§ Data listing

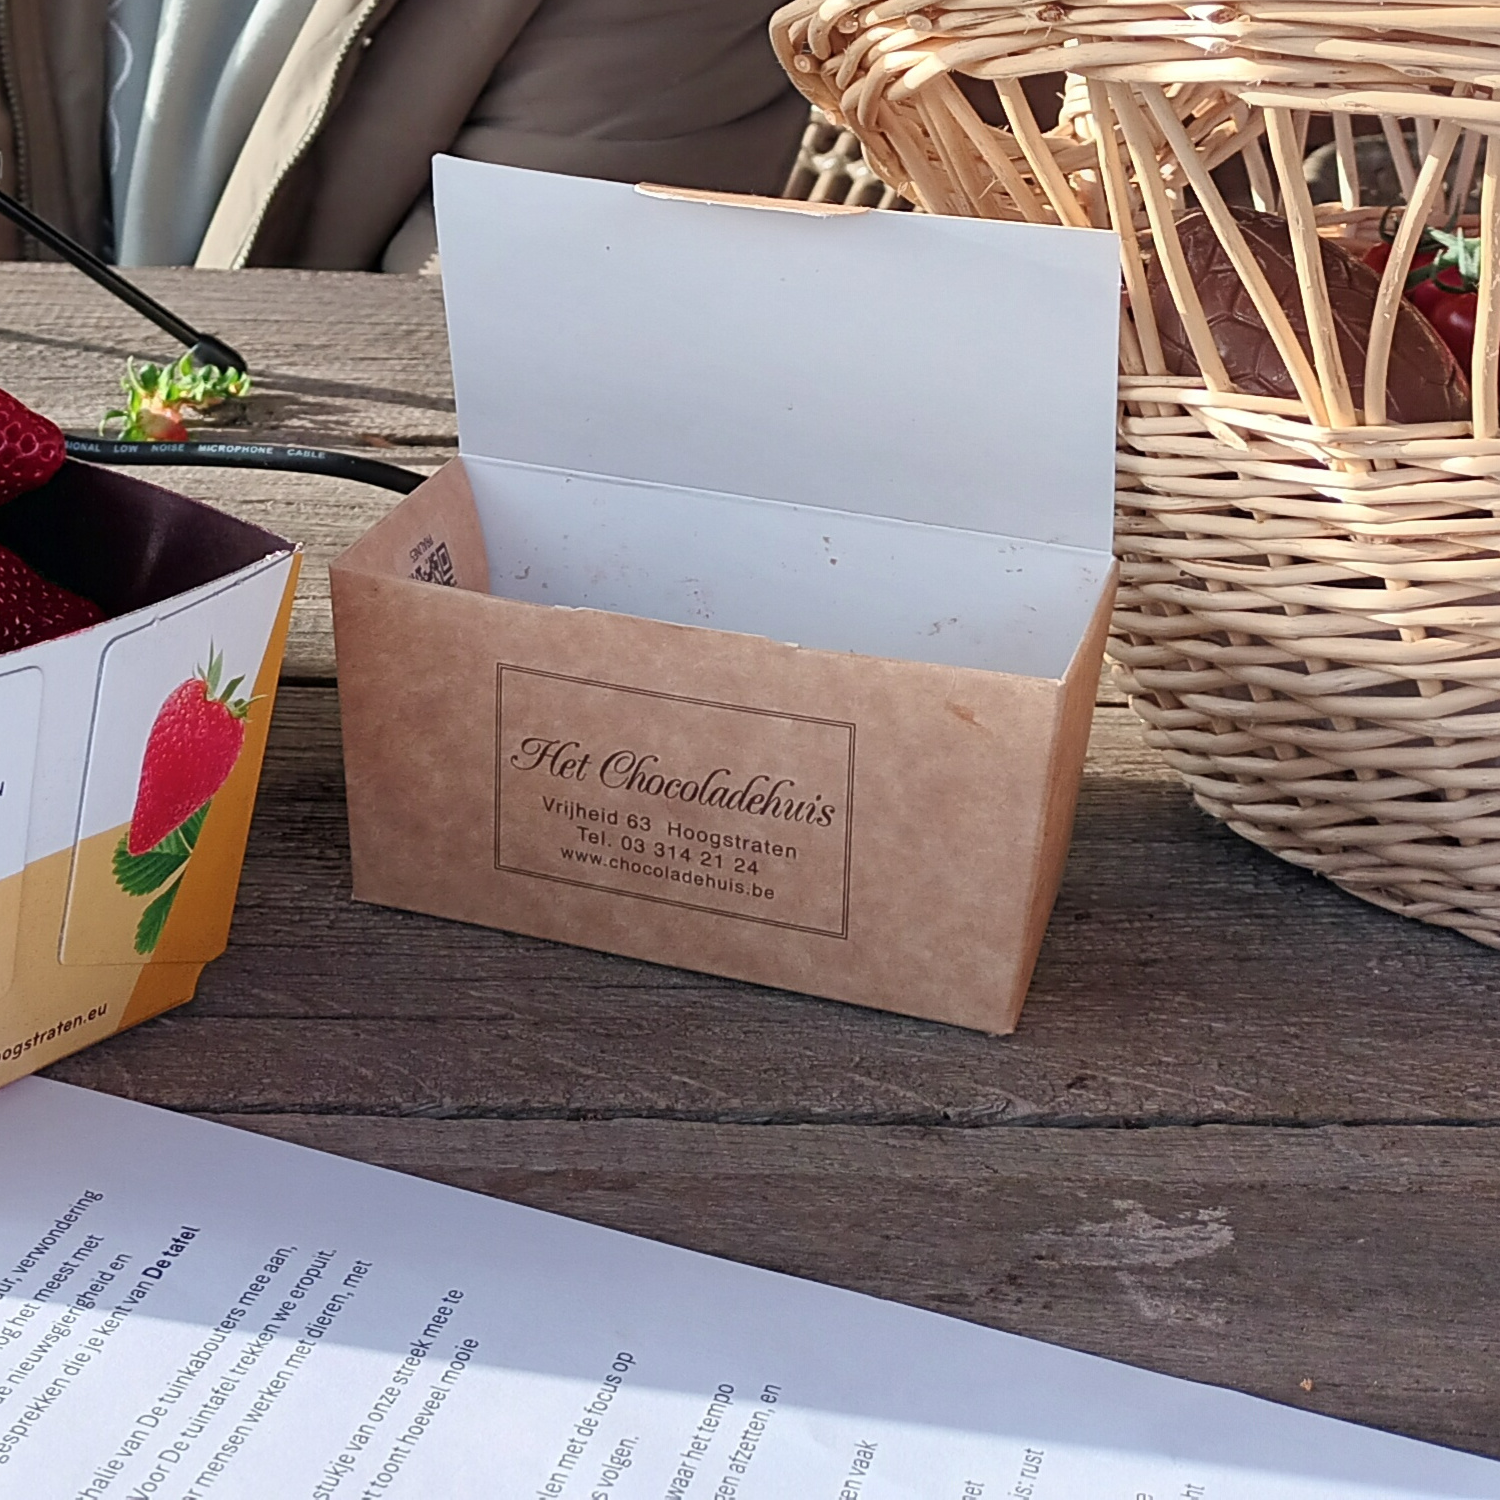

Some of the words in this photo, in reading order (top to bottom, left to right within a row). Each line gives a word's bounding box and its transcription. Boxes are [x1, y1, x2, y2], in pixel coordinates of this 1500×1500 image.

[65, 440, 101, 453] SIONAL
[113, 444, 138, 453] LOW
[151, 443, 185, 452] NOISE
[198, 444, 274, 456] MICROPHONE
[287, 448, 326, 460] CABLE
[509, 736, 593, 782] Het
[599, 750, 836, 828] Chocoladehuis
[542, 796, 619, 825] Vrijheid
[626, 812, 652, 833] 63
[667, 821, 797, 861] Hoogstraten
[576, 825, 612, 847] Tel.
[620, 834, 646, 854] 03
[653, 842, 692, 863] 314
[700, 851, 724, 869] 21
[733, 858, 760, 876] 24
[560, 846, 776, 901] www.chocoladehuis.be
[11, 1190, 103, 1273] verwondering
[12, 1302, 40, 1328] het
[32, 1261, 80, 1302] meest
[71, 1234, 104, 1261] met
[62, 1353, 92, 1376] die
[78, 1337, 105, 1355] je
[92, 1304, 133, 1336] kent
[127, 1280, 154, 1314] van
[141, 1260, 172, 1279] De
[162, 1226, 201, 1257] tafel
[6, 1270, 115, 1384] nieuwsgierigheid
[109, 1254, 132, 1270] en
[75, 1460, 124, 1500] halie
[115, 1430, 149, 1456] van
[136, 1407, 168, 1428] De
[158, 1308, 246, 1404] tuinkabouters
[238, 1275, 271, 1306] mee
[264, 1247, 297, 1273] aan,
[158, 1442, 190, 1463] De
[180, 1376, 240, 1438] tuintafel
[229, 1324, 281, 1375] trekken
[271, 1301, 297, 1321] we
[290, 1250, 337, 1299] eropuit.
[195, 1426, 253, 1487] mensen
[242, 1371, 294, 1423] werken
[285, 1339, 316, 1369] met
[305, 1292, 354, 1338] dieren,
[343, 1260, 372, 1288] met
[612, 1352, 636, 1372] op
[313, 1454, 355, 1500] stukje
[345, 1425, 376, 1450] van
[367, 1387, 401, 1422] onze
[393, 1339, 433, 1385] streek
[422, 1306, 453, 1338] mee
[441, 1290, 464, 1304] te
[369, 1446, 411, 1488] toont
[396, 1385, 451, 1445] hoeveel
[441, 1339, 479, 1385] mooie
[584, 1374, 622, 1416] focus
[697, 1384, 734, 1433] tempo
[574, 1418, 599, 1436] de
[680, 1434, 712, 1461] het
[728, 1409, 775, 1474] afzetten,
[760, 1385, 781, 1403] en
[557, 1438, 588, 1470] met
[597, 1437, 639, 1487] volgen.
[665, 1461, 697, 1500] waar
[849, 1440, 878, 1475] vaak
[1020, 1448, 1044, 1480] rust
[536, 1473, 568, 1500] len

§ Requirement
The answer must be an exact copy of the records, with no pictures in it.

§ Exercise solution
Some of the words in this photo, in reading order (top to bottom, left to right within a row). Each line gives a word's bounding box and its transcription. Boxes are [x1, y1, x2, y2], in pixel coordinates of this 1500×1500 image.

[65, 440, 101, 453] SIONAL
[113, 444, 138, 453] LOW
[151, 443, 185, 452] NOISE
[198, 444, 274, 456] MICROPHONE
[287, 448, 326, 460] CABLE
[509, 736, 593, 782] Het
[599, 750, 836, 828] Chocoladehuis
[542, 796, 619, 825] Vrijheid
[626, 812, 652, 833] 63
[667, 821, 797, 861] Hoogstraten
[576, 825, 612, 847] Tel.
[620, 834, 646, 854] 03
[653, 842, 692, 863] 314
[700, 851, 724, 869] 21
[733, 858, 760, 876] 24
[560, 846, 776, 901] www.chocoladehuis.be
[11, 1190, 103, 1273] verwondering
[12, 1302, 40, 1328] het
[32, 1261, 80, 1302] meest
[71, 1234, 104, 1261] met
[62, 1353, 92, 1376] die
[78, 1337, 105, 1355] je
[92, 1304, 133, 1336] kent
[127, 1280, 154, 1314] van
[141, 1260, 172, 1279] De
[162, 1226, 201, 1257] tafel
[6, 1270, 115, 1384] nieuwsgierigheid
[109, 1254, 132, 1270] en
[75, 1460, 124, 1500] halie
[115, 1430, 149, 1456] van
[136, 1407, 168, 1428] De
[158, 1308, 246, 1404] tuinkabouters
[238, 1275, 271, 1306] mee
[264, 1247, 297, 1273] aan,
[158, 1442, 190, 1463] De
[180, 1376, 240, 1438] tuintafel
[229, 1324, 281, 1375] trekken
[271, 1301, 297, 1321] we
[290, 1250, 337, 1299] eropuit.
[195, 1426, 253, 1487] mensen
[242, 1371, 294, 1423] werken
[285, 1339, 316, 1369] met
[305, 1292, 354, 1338] dieren,
[343, 1260, 372, 1288] met
[612, 1352, 636, 1372] op
[313, 1454, 355, 1500] stukje
[345, 1425, 376, 1450] van
[367, 1387, 401, 1422] onze
[393, 1339, 433, 1385] streek
[422, 1306, 453, 1338] mee
[441, 1290, 464, 1304] te
[369, 1446, 411, 1488] toont
[396, 1385, 451, 1445] hoeveel
[441, 1339, 479, 1385] mooie
[584, 1374, 622, 1416] focus
[697, 1384, 734, 1433] tempo
[574, 1418, 599, 1436] de
[680, 1434, 712, 1461] het
[728, 1409, 775, 1474] afzetten,
[760, 1385, 781, 1403] en
[557, 1438, 588, 1470] met
[597, 1437, 639, 1487] volgen.
[665, 1461, 697, 1500] waar
[849, 1440, 878, 1475] vaak
[1020, 1448, 1044, 1480] rust
[536, 1473, 568, 1500] len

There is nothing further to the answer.